*** Begin section ***

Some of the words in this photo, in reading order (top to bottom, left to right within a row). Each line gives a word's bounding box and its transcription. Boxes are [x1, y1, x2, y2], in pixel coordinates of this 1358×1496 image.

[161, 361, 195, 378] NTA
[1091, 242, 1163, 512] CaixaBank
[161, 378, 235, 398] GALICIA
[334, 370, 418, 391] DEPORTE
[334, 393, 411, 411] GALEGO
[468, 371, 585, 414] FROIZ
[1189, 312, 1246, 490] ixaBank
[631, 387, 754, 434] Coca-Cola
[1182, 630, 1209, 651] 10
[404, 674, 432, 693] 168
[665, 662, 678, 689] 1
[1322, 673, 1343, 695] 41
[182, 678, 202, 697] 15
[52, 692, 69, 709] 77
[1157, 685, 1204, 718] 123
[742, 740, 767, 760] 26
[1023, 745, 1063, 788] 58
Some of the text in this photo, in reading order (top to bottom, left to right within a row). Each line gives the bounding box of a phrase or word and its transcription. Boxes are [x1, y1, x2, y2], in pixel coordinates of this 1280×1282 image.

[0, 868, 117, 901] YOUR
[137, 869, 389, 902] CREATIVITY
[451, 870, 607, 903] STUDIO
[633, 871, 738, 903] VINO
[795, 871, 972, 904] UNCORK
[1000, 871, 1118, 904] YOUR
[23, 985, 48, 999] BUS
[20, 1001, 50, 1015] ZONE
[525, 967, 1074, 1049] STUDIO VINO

*** End section ***

Problem details -
Beginning with the line that contains "Some of the text", retype every remaining line of the listing exactly, ending with the last one.

Response to this task -
Some of the text in this photo, in reading order (top to bottom, left to right within a row). Each line gives the bounding box of a phrase or word and its transcription. Boxes are [x1, y1, x2, y2], in pixel coordinates of this 1280×1282 image.

[0, 868, 117, 901] YOUR
[137, 869, 389, 902] CREATIVITY
[451, 870, 607, 903] STUDIO
[633, 871, 738, 903] VINO
[795, 871, 972, 904] UNCORK
[1000, 871, 1118, 904] YOUR
[23, 985, 48, 999] BUS
[20, 1001, 50, 1015] ZONE
[525, 967, 1074, 1049] STUDIO VINO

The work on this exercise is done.